(Saved data entries)

[Start of Attachment]

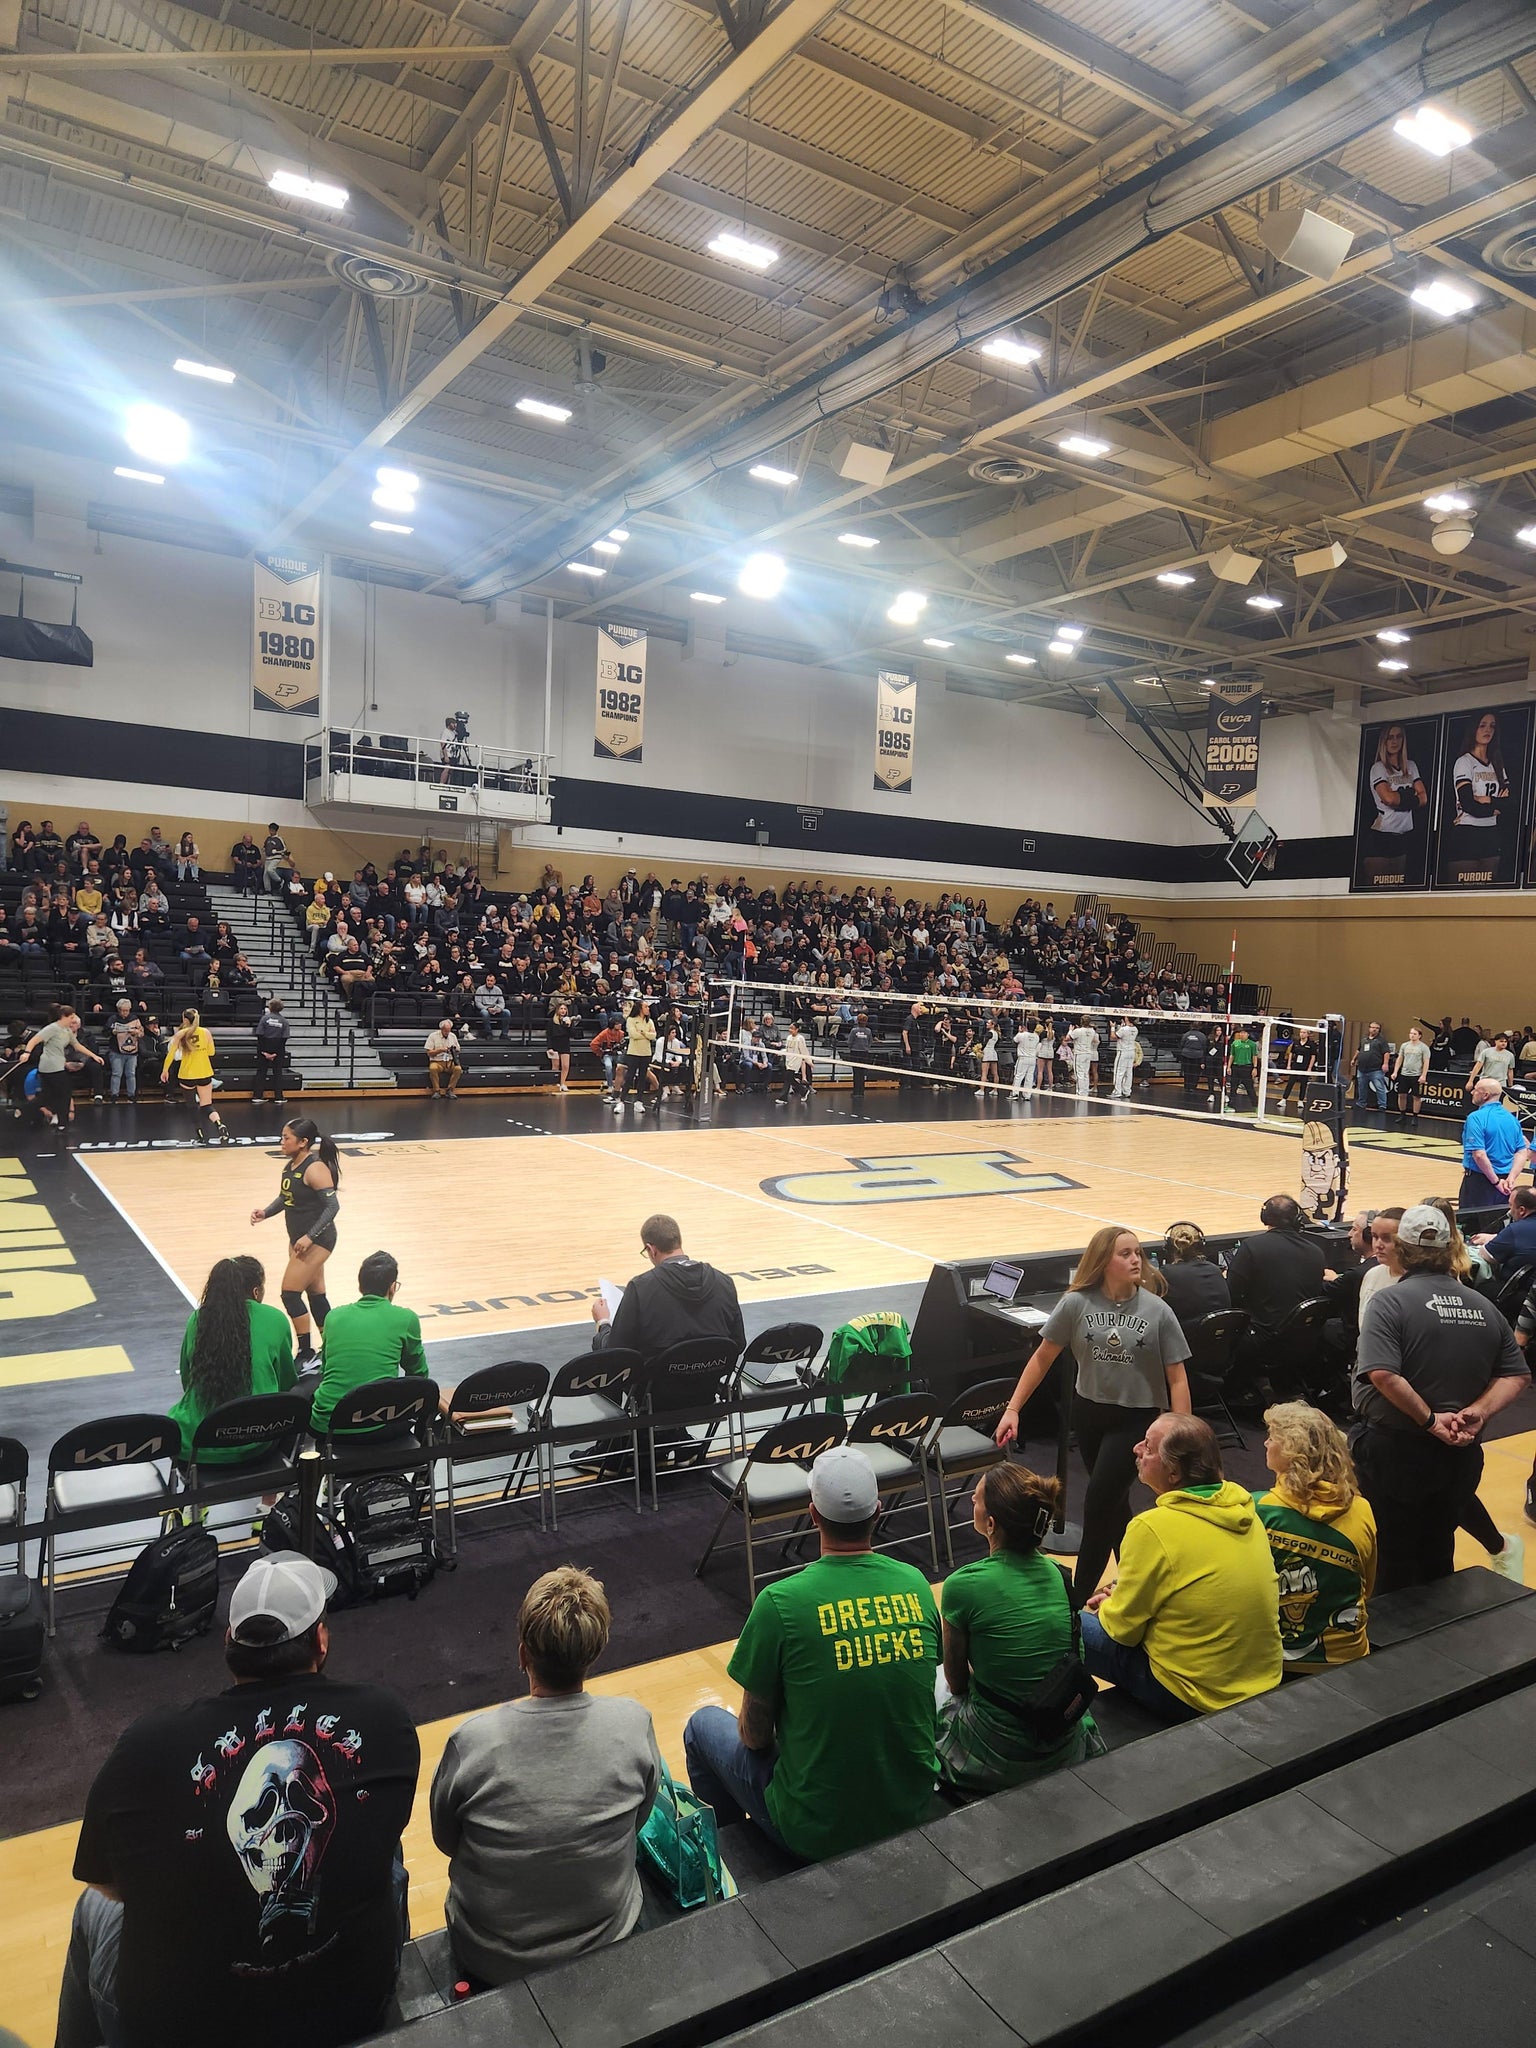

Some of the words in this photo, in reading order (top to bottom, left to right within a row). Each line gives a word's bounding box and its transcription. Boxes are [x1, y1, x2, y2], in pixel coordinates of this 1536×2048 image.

[268, 556, 307, 572] PURDUE
[608, 623, 638, 638] PURDUE
[259, 631, 314, 660] 1980
[262, 656, 311, 670] CHAMPIONS
[1220, 684, 1253, 693] PURDUE
[600, 689, 640, 714] 1982
[601, 710, 637, 722] CHAMPIONS
[1221, 714, 1252, 723] avca
[878, 730, 911, 751] 1985
[880, 748, 908, 758] CHAMPIONS
[1207, 744, 1258, 763] 2006
[1236, 763, 1256, 771] FAME
[1485, 783, 1497, 796] 12
[1373, 874, 1405, 884] PURDUE
[1457, 871, 1493, 882] PURDUE
[1419, 1082, 1463, 1099] ision
[1309, 1100, 1332, 1112] P
[758, 1151, 1090, 1206] P
[725, 1263, 837, 1282] BEL
[421, 1284, 626, 1318] OUR
[1432, 1294, 1463, 1306] ALLIED
[1437, 1305, 1484, 1320] UNIVERSAL
[1085, 1311, 1149, 1334] PURDUE
[668, 1356, 727, 1372] ROHRMAN
[469, 1384, 535, 1402] ROHRMAN
[215, 1416, 296, 1438] ROHRMAN
[1321, 1549, 1359, 1567] DUCKS
[817, 1593, 924, 1636] OREGON
[834, 1628, 924, 1671] DUCKS
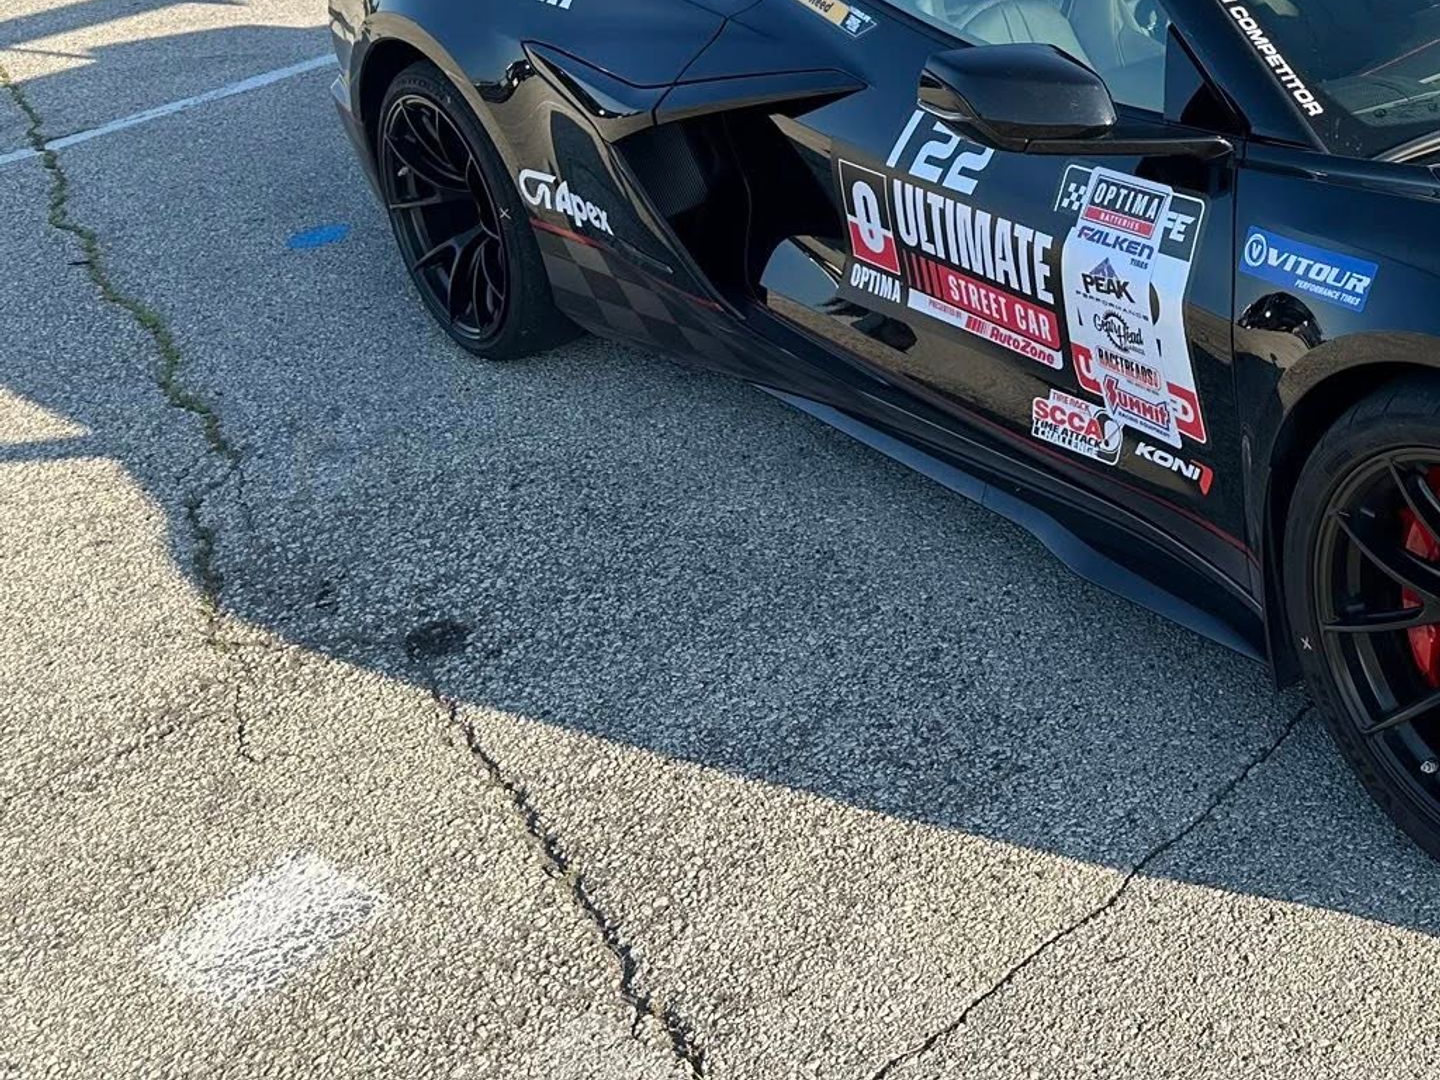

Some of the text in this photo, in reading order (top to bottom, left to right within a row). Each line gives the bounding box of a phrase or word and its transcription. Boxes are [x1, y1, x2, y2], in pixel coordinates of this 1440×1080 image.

[1230, 5, 1324, 116] COMPETITOR
[556, 180, 614, 236] Apex
[1094, 182, 1160, 221] OPTIMA
[1100, 211, 1140, 231] BATTERIES
[893, 178, 1055, 305] ULTIMATE
[1077, 226, 1155, 260] FALKEN
[850, 262, 901, 304] OPTIMA
[1081, 273, 1135, 303] PEAK
[1267, 248, 1370, 294] VITOUR
[948, 274, 1052, 343] STREET CAR
[1294, 279, 1361, 306] PERFORMANCE TIRES
[990, 326, 1055, 365] AutoZone
[1034, 400, 1103, 440] SCCA
[1034, 417, 1102, 449] TIME ATTACK
[1135, 442, 1201, 480] KONI

[End of Attachment]

* _What needs to be done_:
Print exactly the lines of the records from the one containing "Some of the text" through the end, and nothing besides them.

* _The completed task_:
Some of the text in this photo, in reading order (top to bottom, left to right within a row). Each line gives the bounding box of a phrase or word and its transcription. Boxes are [x1, y1, x2, y2], in pixel coordinates of this 1440×1080 image.

[1230, 5, 1324, 116] COMPETITOR
[556, 180, 614, 236] Apex
[1094, 182, 1160, 221] OPTIMA
[1100, 211, 1140, 231] BATTERIES
[893, 178, 1055, 305] ULTIMATE
[1077, 226, 1155, 260] FALKEN
[850, 262, 901, 304] OPTIMA
[1081, 273, 1135, 303] PEAK
[1267, 248, 1370, 294] VITOUR
[948, 274, 1052, 343] STREET CAR
[1294, 279, 1361, 306] PERFORMANCE TIRES
[990, 326, 1055, 365] AutoZone
[1034, 400, 1103, 440] SCCA
[1034, 417, 1102, 449] TIME ATTACK
[1135, 442, 1201, 480] KONI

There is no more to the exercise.